Our courts have often enunciated the principles governing summary judgment. They are well established in our law. “The party moving for summary judgment has the burden of establishing the lack of any triable issue of fact. His papers are carefully scrutinized and all inferences are resolved against him. . . . The court should never resolve an issue of fact.” Kidd v. Early, 289 N.C. 343, 352, 222 S.E. 2d 392, 399 (1976). See also Caldwell v. Deese, 288 N.C. 375, 218 S.E. 2d 379 (1975); Kessing v. Mortgage Co., 278 N.C. 523, 180 S.E. 2d 823 (1971). Ordinarily, summary judgment is not appropriate in negligence actions because the *742right of recovery usually depends on the application of the reasonable person standard of care. Only the jury, under instructions from the court, may apply that standard. Moore v. Field-crest Mills, 296 N.C. 467, 251 S.E. 2d 419 (1979); Page v. Sloan, 281 N.C. 697, 190 S.E. 2d 189 (1972). See generally, 11 N.C. Index 3d, Rules of Civil Procedure Sections 56-56.7 (1978 and Supp. 1984).

North Carolina does not recognize strict liability in products liability actions. Smith v. Fiber Corp., 300 N.C. 669, 268 S.E. 2d 504 (1980); McCollum v. Grove Manufacturing Co., 58 N.C. App. 283, 293 S.E. 2d 632 (1982), affirmed per curiam, 307 N.C. 695, 300 S.E. 2d 374 (1983); Wilson Brothers v. Mobil Oil, 63 N.C. App. 334, 305 S.E. 2d 40, disc. rev. denied, 309 N.C. 634, 308 S.E. 2d 718 (1983). Therefore, whether defendants can be held liable in this case must be determined in accordance with ordinary negligence principles. McCollum, Wilson, both supra. In order to establish a prima facie case of negligence on a products liability action, a party must show, “(1) evidence of a standard of care owed by the reasonably prudent person in similar circumstances; (2) breach of that standard of care; (3) injury caused directly or proximately by the breach, and; (4) loss because of the injury.” City of Thomasville v. Lease-Afex, Inc., 300 N.C. 651, 656, 268 S.E. 2d 190, 194 (1980); McCollum, supra.

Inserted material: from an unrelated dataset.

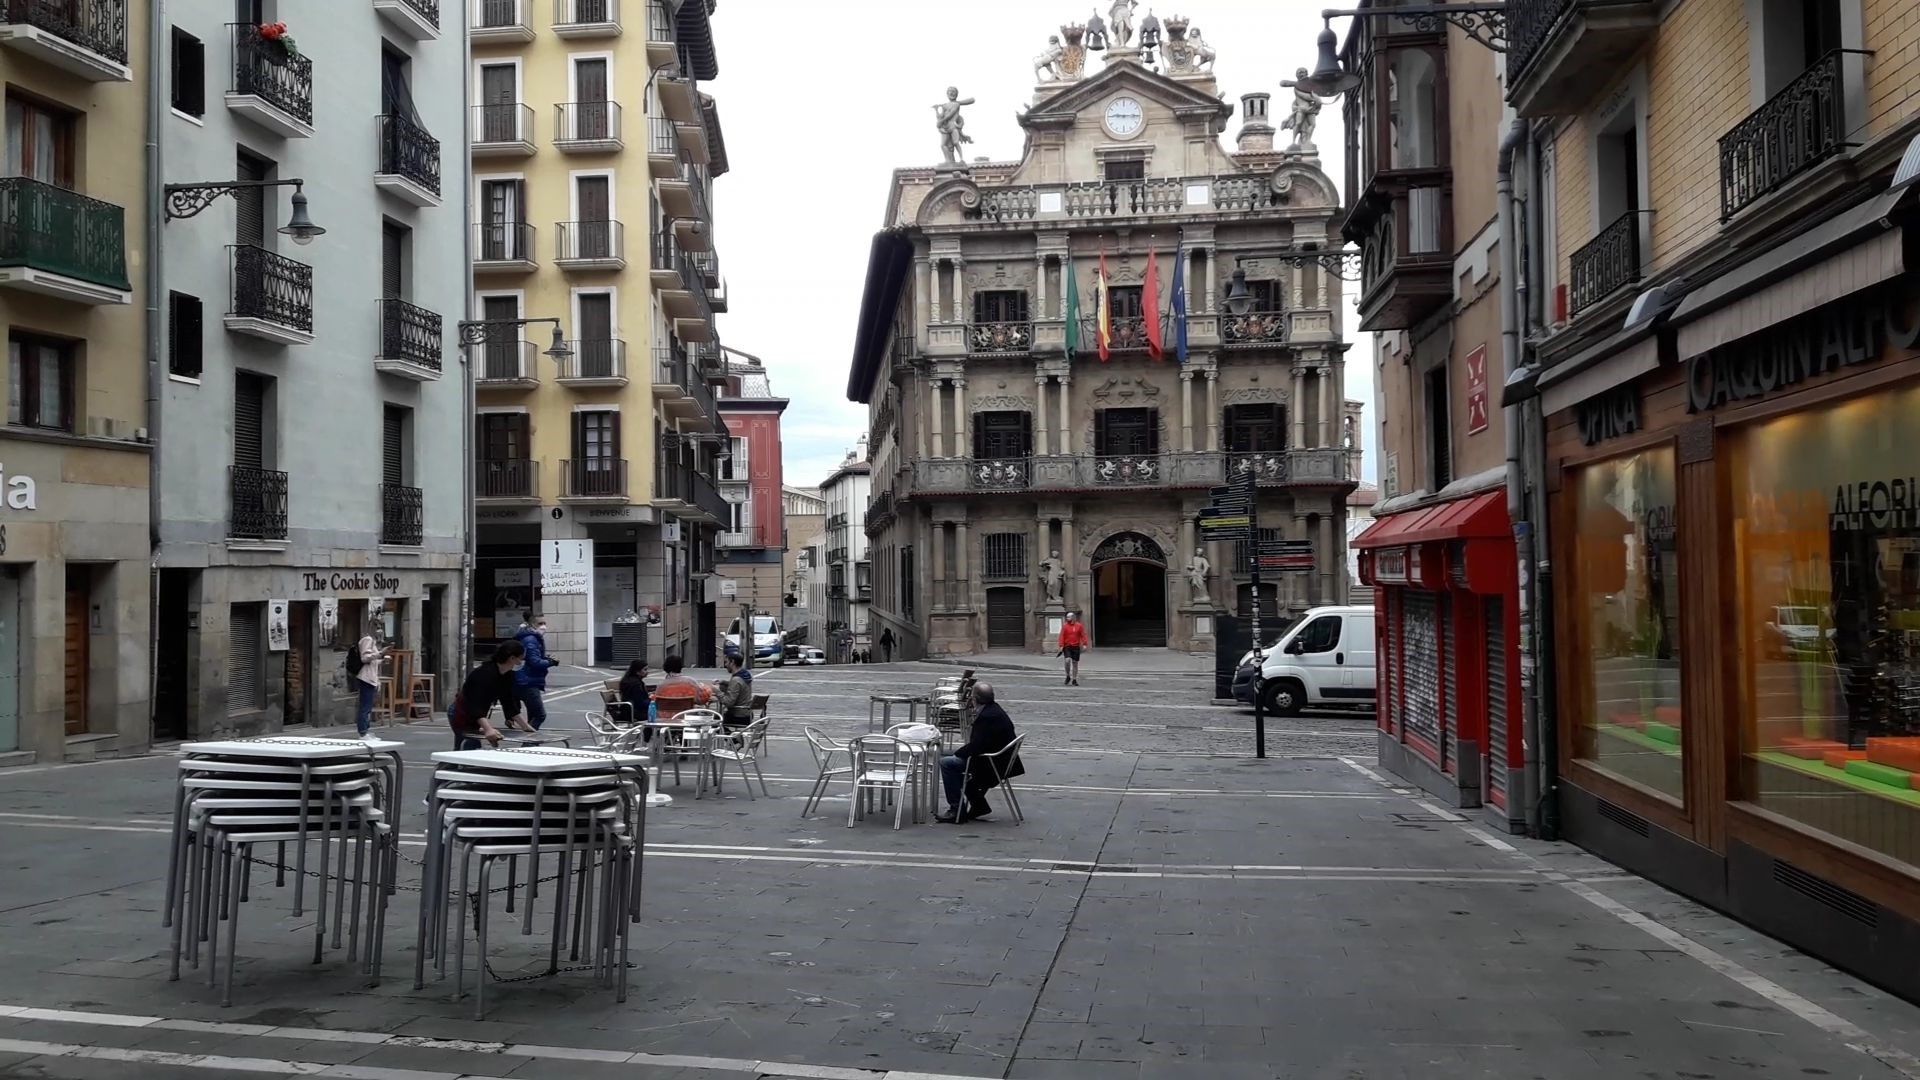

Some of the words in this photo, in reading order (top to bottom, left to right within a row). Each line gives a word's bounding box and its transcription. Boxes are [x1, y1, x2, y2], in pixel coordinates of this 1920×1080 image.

[303, 572, 327, 591] The
[330, 572, 370, 591] Cookie
[373, 572, 400, 594] Shop

[1] Here, the standard of care or duty allegedly owed by defendants to E. L. Holley was to warn the personnel responsible for his anesthesia of the risk that the use of their products to induce anesthesia could cause malignant hyperthermia and to provide information to the responsible personnel concerning how to recognize and treat the condition. The breach of that duty alleged by plaintiffs is that the warnings and information provided by defendants were inadequate. This breach allegedly resulted in Holley’s malignant hyperthermia going undetected until it was too late to prevent the injury. Though it is not stated in defendants’ motions or in the trial court’s order, it is clear from the documents supporting their motions that defendants were attempting to defeat plaintiffs’ allegation that the breach caused the injury. This, at least, is the issue argued on appeal.

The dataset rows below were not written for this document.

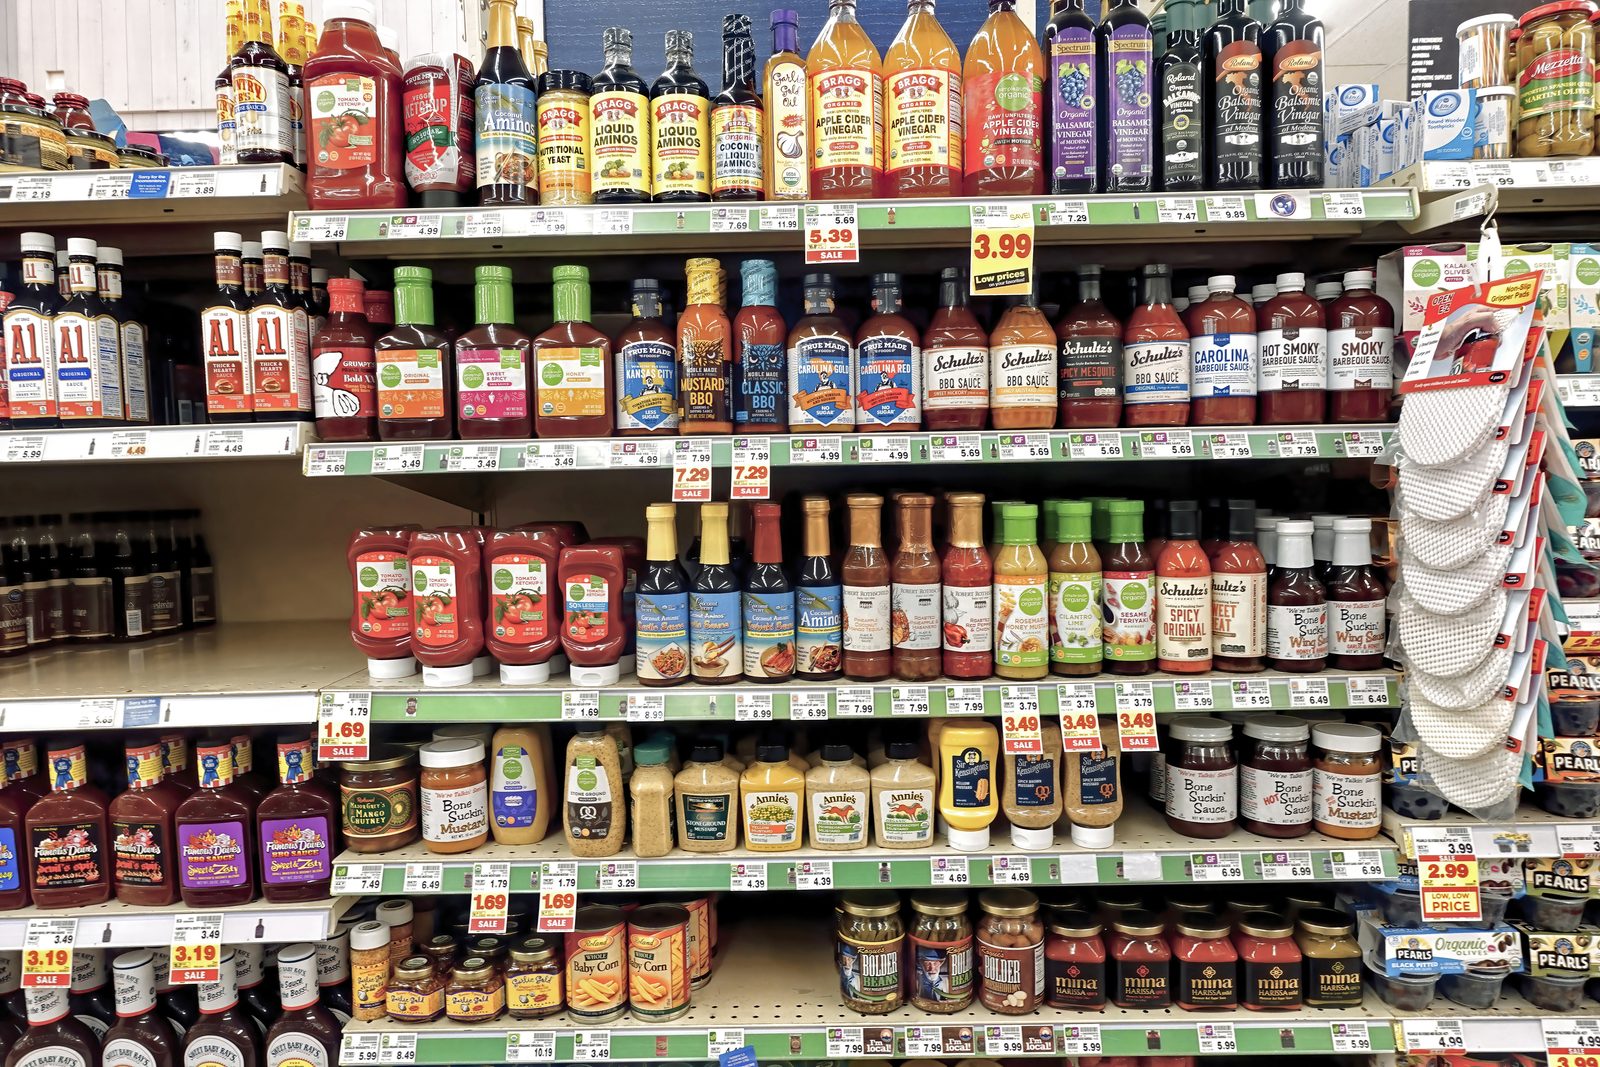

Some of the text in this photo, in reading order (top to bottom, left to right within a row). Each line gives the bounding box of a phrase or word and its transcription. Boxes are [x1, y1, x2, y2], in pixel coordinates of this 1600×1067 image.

[1231, 58, 1255, 69] Roland
[1532, 56, 1585, 77] Mezzetta
[824, 76, 862, 87] BRAGG
[1525, 87, 1590, 105] MARTINI OLIVES
[597, 101, 634, 110] BRAGG
[1275, 96, 1320, 110] Balsamic
[495, 110, 523, 118] Coconut
[1278, 109, 1320, 121] Vinegar
[484, 116, 536, 134] Aminos
[816, 114, 871, 126] APPLE CIDER
[983, 119, 1040, 128] APPLE CIDER
[596, 125, 634, 135] LIQUID
[825, 125, 863, 135] VINEGAR
[1056, 121, 1094, 130] BALSAMIC
[993, 128, 1033, 136] VINEGAR
[594, 136, 638, 145] AMINOS
[548, 156, 571, 164] YEAST
[1343, 207, 1362, 215] 4.39
[325, 230, 344, 238] 2.49
[810, 229, 852, 243] 5.39
[975, 234, 1031, 258] 3.99
[976, 270, 1025, 284] Low prices
[1506, 284, 1532, 293] Non-Slip
[1491, 291, 1529, 303] Gripper Pads
[209, 318, 238, 356] A1
[11, 322, 40, 364] A1
[60, 325, 87, 364] A1
[628, 348, 671, 357] TRUE MADE
[1195, 350, 1249, 363] CAROLINA
[934, 352, 984, 372] Schultz's
[1060, 366, 1116, 379] SPICY MESQUITE
[1195, 362, 1249, 373] BARBEQUE SAUCE
[1007, 375, 1049, 389] BBQ SAUCE
[690, 393, 713, 407] BBQ
[127, 446, 146, 454] 4.49
[224, 444, 242, 452] 4.49
[961, 449, 980, 457] 5.69
[1030, 447, 1049, 455] 5.69
[22, 450, 41, 458] 5.99
[820, 452, 839, 461] 4.99
[326, 464, 344, 472] 5.69
[401, 460, 420, 468] 3.49
[676, 468, 709, 482] 7.29
[1170, 609, 1199, 623] SPICY
[1294, 614, 1319, 626] Bone
[1163, 622, 1206, 636] ORIGINAL
[1194, 698, 1212, 706] 5.99
[1309, 696, 1328, 705] 6.49
[854, 704, 873, 714] 7.99
[1019, 701, 1037, 711] 3.79
[349, 708, 368, 716] 1.79
[581, 708, 598, 717] 1.69
[644, 711, 663, 719] 8.99
[753, 710, 771, 718] 8.99
[808, 709, 826, 717] 6.99
[1005, 716, 1038, 732] 3.49
[325, 722, 364, 738] 1.69
[1014, 741, 1033, 749] SALE
[332, 747, 355, 755] SALE
[1275, 781, 1302, 793] Bone
[756, 794, 789, 805] Annie's
[823, 794, 857, 805] Annie's
[442, 800, 472, 812] Bone
[1328, 807, 1377, 820] Mustard
[35, 844, 97, 857] Famous Dave's
[1448, 843, 1473, 854] 3.99
[1011, 872, 1030, 881] 4.69
[1222, 868, 1241, 877] 6.99
[1428, 864, 1469, 879] 2.99
[617, 879, 635, 887] 3.29
[813, 877, 831, 886] 4.39
[949, 874, 967, 882] 4.69
[1535, 874, 1588, 891] PEARLS
[361, 881, 380, 889] 7.49
[422, 881, 440, 889] 6.49
[490, 879, 508, 888] 1.79
[747, 879, 765, 888] 4.39
[474, 894, 506, 910] 1.69
[1433, 902, 1471, 912] PRICE
[54, 935, 73, 944] 3.49
[201, 930, 220, 939] 3.49
[1435, 937, 1487, 952] Organic
[27, 950, 68, 965] 3.19
[634, 951, 654, 960] WHOLE
[644, 962, 667, 971] Corn
[862, 951, 897, 977] BOLDER
[36, 975, 57, 984] SALE
[1056, 977, 1097, 989] mina
[1191, 978, 1232, 990] mina
[1083, 1041, 1101, 1051] 5.99
[1217, 1040, 1235, 1050] 5.99
[1438, 1036, 1463, 1047] 4.99
[845, 1044, 863, 1053] 7.99
[867, 1043, 891, 1053] local!
[1003, 1042, 1022, 1052] 9.99
[358, 1051, 376, 1061] 5.99
[396, 1051, 414, 1060] 8.49
[591, 1049, 609, 1058] 3.49

Defendants’ strategy is clear: if they can establish that Dr. Hooper did not rely on the information provided by defendants with respect to their products, the question of whether the warn*743ings were adequate would be irrelevant and plaintiffs’ allegations regarding proximate cause would be defeated. Though we have found no North Carolina cases on point, the principles of ordinary negligence and decisions from other jurisdictions seem to justify this strategy. E.g., Oppenheimer v. Sterling Drug, Inc., 7 Ohio App. 2d 103, 219 N.E. 2d 54 (1964); Ball v. Mallinckrodt Chemical Works, 53 Tenn. App. 218, 381 S.W. 2d 563, 19 A.L.R. 3d 813 (1964).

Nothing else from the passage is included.